After tensions with Perrin’s father came to a head, one of Kelutral’s community leaders offered him a ride from Arizona to Texas and a roof to sleep under, providing a safe space for Perrin as he began to lay the groundwork for a new life.

“They’ve been a family I never knew I could ever have,” shares Perrin. “I never thought my life would change so much for the good when I saw a movie about blue space aliens.”

AVATAR, 2009, TM & Copyright ©20th Century Fox.  All rights reserved / Courtesy of Everett Collection

Pandora by night, “Avatar” (2009)

Williamson also worked on her relationship with “Avatar,” reconciling a desire to interact with the property with its potential to trigger her depression. The solution she found worked best for him was to simply get fully involved, a belief she shared with others.

“I talked to my psychiatrist about it and she gave me some advice I didn’t expect: let yourself go. Stop trying to stop,” Williamson says, recalling the weeks after dropping out of college for a semester. “I watched ‘Avatar’ over and over, delved into the speaking community, and started learning Na’vi… week, he stopped. I haven’t had an accident since.”

Now, the “Avatar” community is entering uncharted waters: the release of yet another entry in the series – and an epic, even more technically dazzling length.

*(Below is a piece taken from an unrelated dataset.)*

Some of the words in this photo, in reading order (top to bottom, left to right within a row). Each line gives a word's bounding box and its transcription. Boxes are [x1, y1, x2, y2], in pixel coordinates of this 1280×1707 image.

Setting aside a Disney World attraction, a few derided video games, and a handful of recent graphic novels, “Avatar” fans have largely been driven by a self-sustained enthusiasm, fixating on a single film for over a decade. “The Way of Water” will make a splash in the community like never before. While helping manage Kelutral, Paavo observed a number of members reflecting on the potential mental health impact of a return to Pandora.

“There were definitely a couple of people — fewer than you can count on one hand — who said, ‘Dude, I’m worried this is going to hit me differently,'” Paavo shares. “Most of us are blinded by excitement; we’re not even thinking about the possible consequences of what the world will be like after this movie.

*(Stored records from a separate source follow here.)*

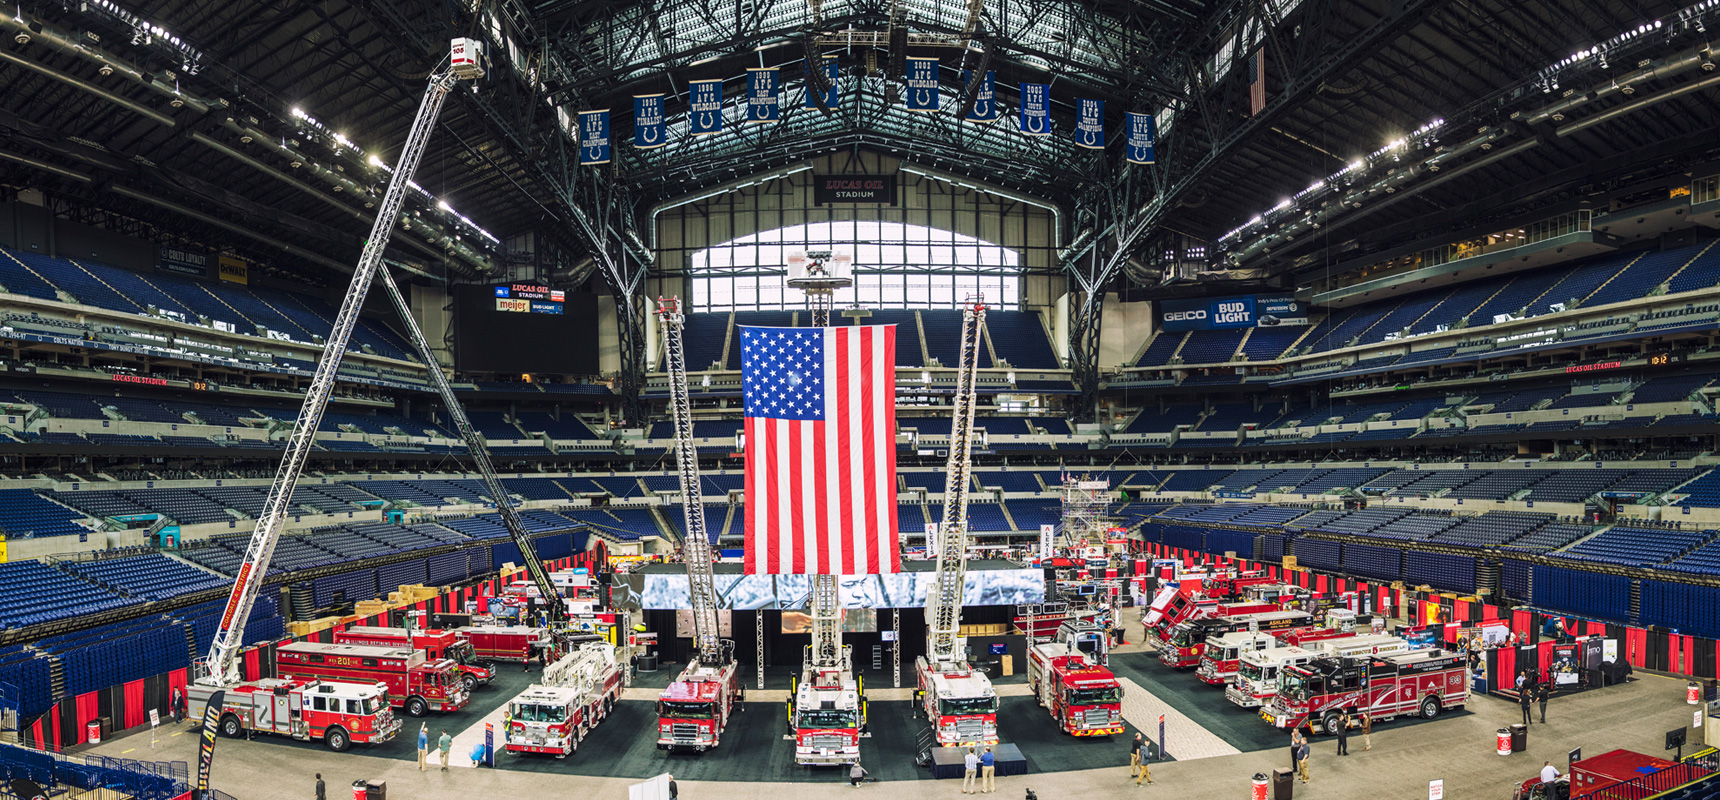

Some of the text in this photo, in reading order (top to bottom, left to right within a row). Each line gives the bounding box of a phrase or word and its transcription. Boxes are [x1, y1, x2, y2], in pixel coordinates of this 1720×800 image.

[915, 71, 930, 80] AFC
[754, 79, 771, 90] AFC
[908, 80, 938, 88] WILDCARD
[1027, 86, 1042, 94] 2003
[697, 93, 714, 102] AFC
[750, 97, 776, 105] CHAMPIONS
[1027, 94, 1043, 103] AFC
[692, 102, 720, 112] WILDCARD
[1083, 100, 1097, 108] 2004
[641, 107, 658, 116] AFC
[1082, 107, 1098, 118] AFC
[637, 116, 662, 126] FINALIST
[1133, 116, 1147, 124] 2005
[586, 121, 602, 132] AFC
[1078, 123, 1102, 133] CHAMPIONS
[1133, 123, 1148, 134] AFC
[582, 138, 607, 147] CHAMPIONS
[1129, 138, 1152, 148] CHAMPIONS
[826, 180, 884, 189] LUCAS OIL
[168, 249, 184, 262] COLTS
[186, 253, 206, 265] LOYALTY
[512, 284, 536, 292] LUCAS
[500, 300, 526, 310] meijer
[1218, 302, 1244, 313] BUD
[1164, 310, 1206, 321] GEICO
[1214, 312, 1250, 323] LIGHT
[1593, 361, 1620, 370] STADIUM
[142, 377, 167, 386] STADIUM
[223, 599, 236, 628] COALDALE
[237, 564, 249, 592] DISTRICT
[337, 657, 350, 665] 201
[1449, 675, 1461, 685] 33
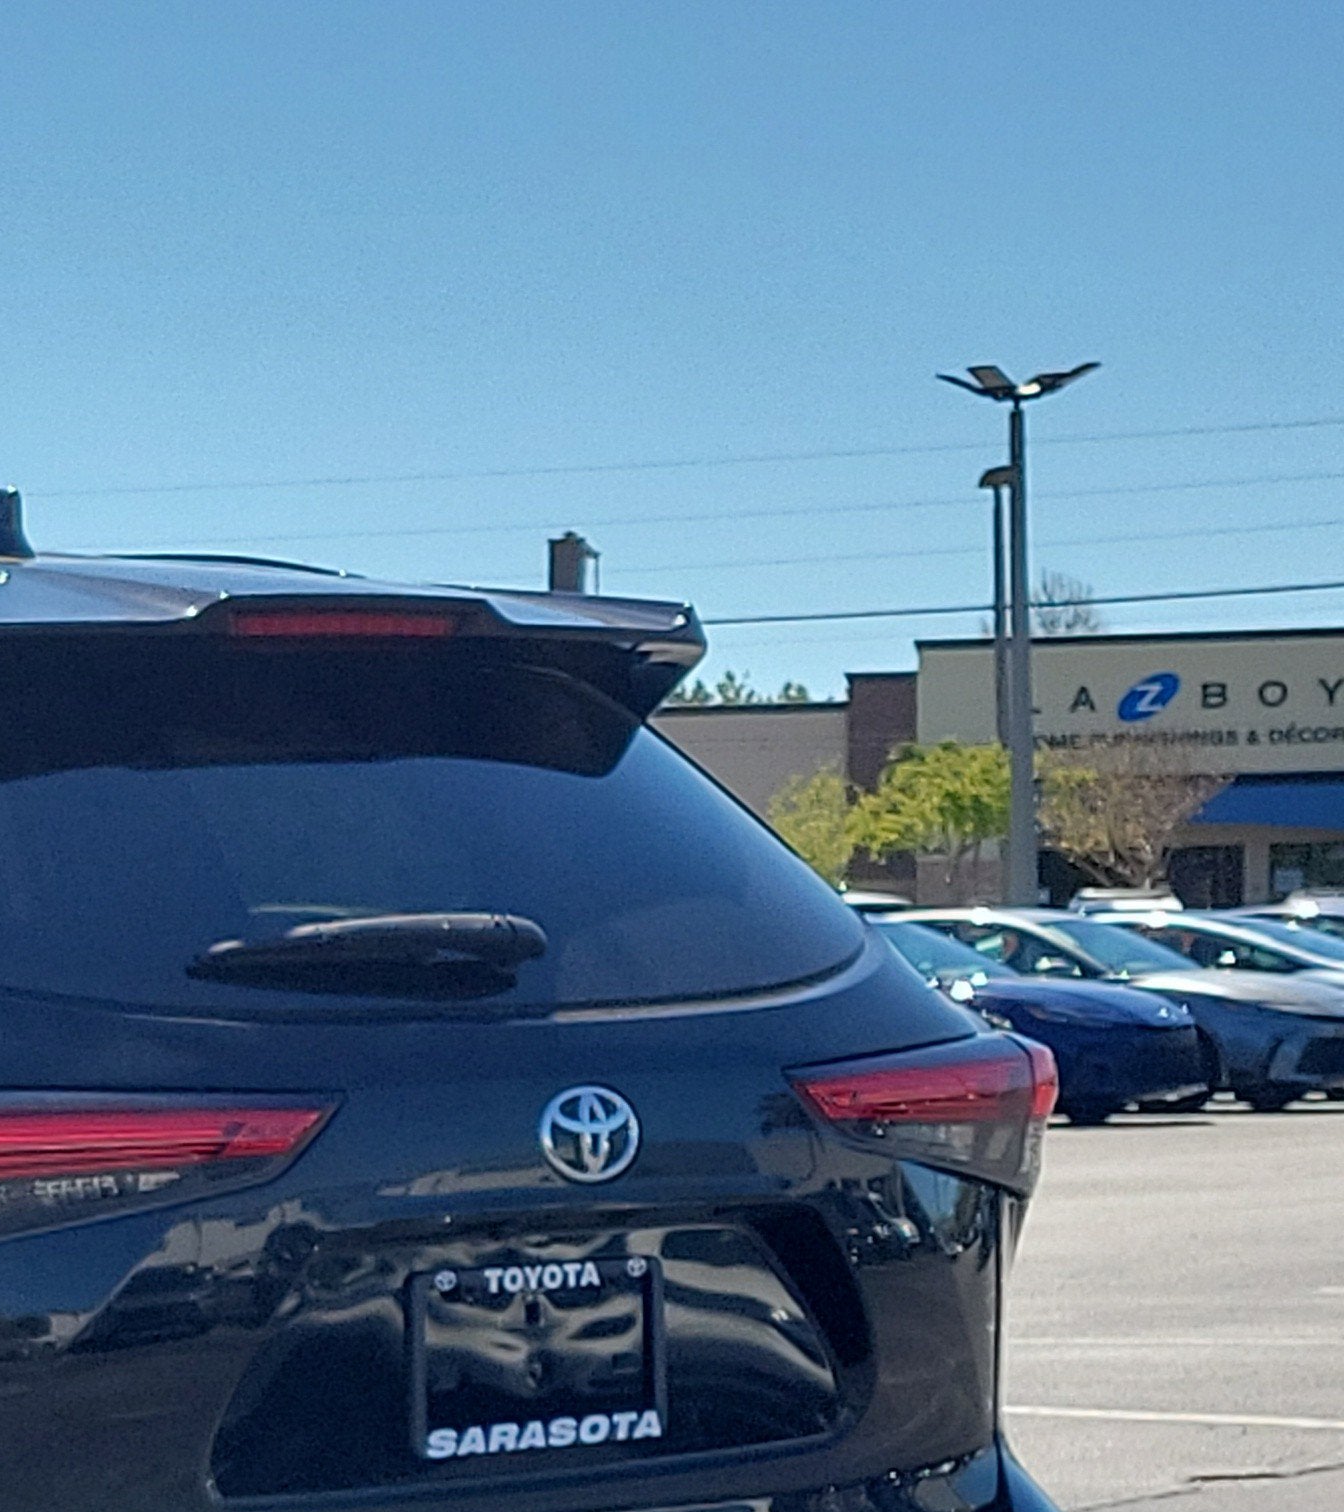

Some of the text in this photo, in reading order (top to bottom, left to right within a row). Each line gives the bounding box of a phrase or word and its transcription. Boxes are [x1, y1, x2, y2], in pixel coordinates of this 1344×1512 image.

[1033, 733, 1081, 751] OME
[484, 1261, 601, 1294] TOYOTA
[427, 1410, 662, 1459] SARASOTA

For Williamson, there aren’t many narrative expectations for “The Way of Water”; the promise of finally expanding Pandora’s reach is more than enough to whet her appetite. But while he’s bracing himself for an intense emotional viewing experience, Williamson seems confident in his ability to hang on.

“There’s always a little bit of concern that it might trigger me again… I could see that it’s a little less exciting in the sense that it’s a return to Pandora. But, because we’re exploring new areas that we’ve never seen before, there’s still the shock of the new,” Williamson says. “I don’t think I’ll know until I see it.”

As for Perrin, he’s particularly excited about the linguistic implications of the new film, which could usher in a new Na’vi dialect through the story introduction of the Metkayina clan, a group that lives along the coral reefs of Pandora.

“I didn’t want a problem-free life. It was just that the problems in the world of ‘Avatar’ seemed more surmountable than my own problems,” Perrin shared, reflecting on his post-“Avatar” depression and his time before moving to Texas. “It will be a very introspective moment for me. I don’t think it will be as negative as many people’s first post-‘Avatar’ depression. It will be more solemn, sentimental and retrospective.”

The particularity of Perrin’s circumstances does not escape him; most life trajectories are not shaped by a single sci-fi blockbuster. But after finding a support system through Kelutral, “The Way of Water” isn’t just a long-awaited return to an alien world he loves. It’s a moment of hard-fought triumph.

“This is a blue space cat movie,” Perrin chuckles. “There’s a good portion of people who say, ‘Avatar 2? Did we really need this movie?’ Yes. Yes, we did.”